(Beginning of ENTRIES PROVIDED)

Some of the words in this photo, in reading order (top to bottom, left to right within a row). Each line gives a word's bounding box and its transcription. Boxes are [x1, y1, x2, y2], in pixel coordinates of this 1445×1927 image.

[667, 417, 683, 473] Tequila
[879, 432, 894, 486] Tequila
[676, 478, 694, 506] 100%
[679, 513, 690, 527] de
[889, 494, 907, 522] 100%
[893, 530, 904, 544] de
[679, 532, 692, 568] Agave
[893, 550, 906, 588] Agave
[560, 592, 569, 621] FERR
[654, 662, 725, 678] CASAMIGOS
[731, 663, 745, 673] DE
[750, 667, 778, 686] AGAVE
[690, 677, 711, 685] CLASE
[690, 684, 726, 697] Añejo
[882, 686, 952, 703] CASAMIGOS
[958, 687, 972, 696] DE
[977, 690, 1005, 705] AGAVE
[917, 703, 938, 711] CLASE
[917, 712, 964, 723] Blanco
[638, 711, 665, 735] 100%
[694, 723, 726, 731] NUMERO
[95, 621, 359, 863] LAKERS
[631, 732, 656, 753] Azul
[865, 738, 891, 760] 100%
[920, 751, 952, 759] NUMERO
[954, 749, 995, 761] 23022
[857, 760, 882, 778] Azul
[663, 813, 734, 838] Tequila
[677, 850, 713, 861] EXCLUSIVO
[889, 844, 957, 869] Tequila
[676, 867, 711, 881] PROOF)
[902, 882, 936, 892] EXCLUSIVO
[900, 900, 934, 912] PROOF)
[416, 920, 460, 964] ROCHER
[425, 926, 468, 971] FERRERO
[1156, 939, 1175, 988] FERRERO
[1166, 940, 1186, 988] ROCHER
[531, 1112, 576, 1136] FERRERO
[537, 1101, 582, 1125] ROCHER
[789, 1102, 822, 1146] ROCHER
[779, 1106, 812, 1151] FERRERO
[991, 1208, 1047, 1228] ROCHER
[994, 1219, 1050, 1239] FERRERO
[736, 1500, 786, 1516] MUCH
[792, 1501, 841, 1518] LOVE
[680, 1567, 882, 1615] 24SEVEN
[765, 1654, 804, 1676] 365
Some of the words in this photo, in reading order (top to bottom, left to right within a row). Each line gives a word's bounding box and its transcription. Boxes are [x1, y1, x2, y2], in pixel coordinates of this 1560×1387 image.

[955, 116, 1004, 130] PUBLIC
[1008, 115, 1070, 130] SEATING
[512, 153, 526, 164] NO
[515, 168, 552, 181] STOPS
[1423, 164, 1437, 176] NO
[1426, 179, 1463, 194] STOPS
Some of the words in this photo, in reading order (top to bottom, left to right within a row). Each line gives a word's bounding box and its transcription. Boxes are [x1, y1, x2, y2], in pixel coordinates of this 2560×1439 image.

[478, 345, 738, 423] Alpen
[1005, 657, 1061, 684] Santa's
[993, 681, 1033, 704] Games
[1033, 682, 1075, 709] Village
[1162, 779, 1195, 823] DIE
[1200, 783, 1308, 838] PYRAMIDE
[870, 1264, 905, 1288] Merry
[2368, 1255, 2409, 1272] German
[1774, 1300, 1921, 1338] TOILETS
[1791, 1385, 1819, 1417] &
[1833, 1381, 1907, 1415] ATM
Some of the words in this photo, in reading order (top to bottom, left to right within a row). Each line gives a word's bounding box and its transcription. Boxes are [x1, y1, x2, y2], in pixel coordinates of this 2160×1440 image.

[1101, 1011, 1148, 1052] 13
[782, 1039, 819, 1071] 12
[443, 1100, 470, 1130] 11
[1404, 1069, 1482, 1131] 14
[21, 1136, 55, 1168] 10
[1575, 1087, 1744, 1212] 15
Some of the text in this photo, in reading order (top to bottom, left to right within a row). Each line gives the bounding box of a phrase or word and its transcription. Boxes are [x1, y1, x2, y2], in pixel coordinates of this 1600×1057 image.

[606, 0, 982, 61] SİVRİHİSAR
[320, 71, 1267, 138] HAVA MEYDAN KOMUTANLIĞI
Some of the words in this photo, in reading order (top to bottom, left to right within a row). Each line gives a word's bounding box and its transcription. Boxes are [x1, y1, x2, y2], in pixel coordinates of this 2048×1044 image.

(End of ENTRIES PROVIDED)

INSTRUCTIONS TO FOLLOW: This exercise asks for an exact repeat of the lines from the one holding "this 2160×1440 image." through the end of the data above.

YOUR SOLUTION:
Some of the words in this photo, in reading order (top to bottom, left to right within a row). Each line gives a word's bounding box and its transcription. Boxes are [x1, y1, x2, y2], in pixel coordinates of this 2160×1440 image.

[1101, 1011, 1148, 1052] 13
[782, 1039, 819, 1071] 12
[443, 1100, 470, 1130] 11
[1404, 1069, 1482, 1131] 14
[21, 1136, 55, 1168] 10
[1575, 1087, 1744, 1212] 15
Some of the text in this photo, in reading order (top to bottom, left to right within a row). Each line gives the bounding box of a phrase or word and its transcription. Boxes are [x1, y1, x2, y2], in pixel coordinates of this 1600×1057 image.

[606, 0, 982, 61] SİVRİHİSAR
[320, 71, 1267, 138] HAVA MEYDAN KOMUTANLIĞI
Some of the words in this photo, in reading order (top to bottom, left to right within a row). Each line gives a word's bounding box and its transcription. Boxes are [x1, y1, x2, y2], in pixel coordinates of this 2048×1044 image.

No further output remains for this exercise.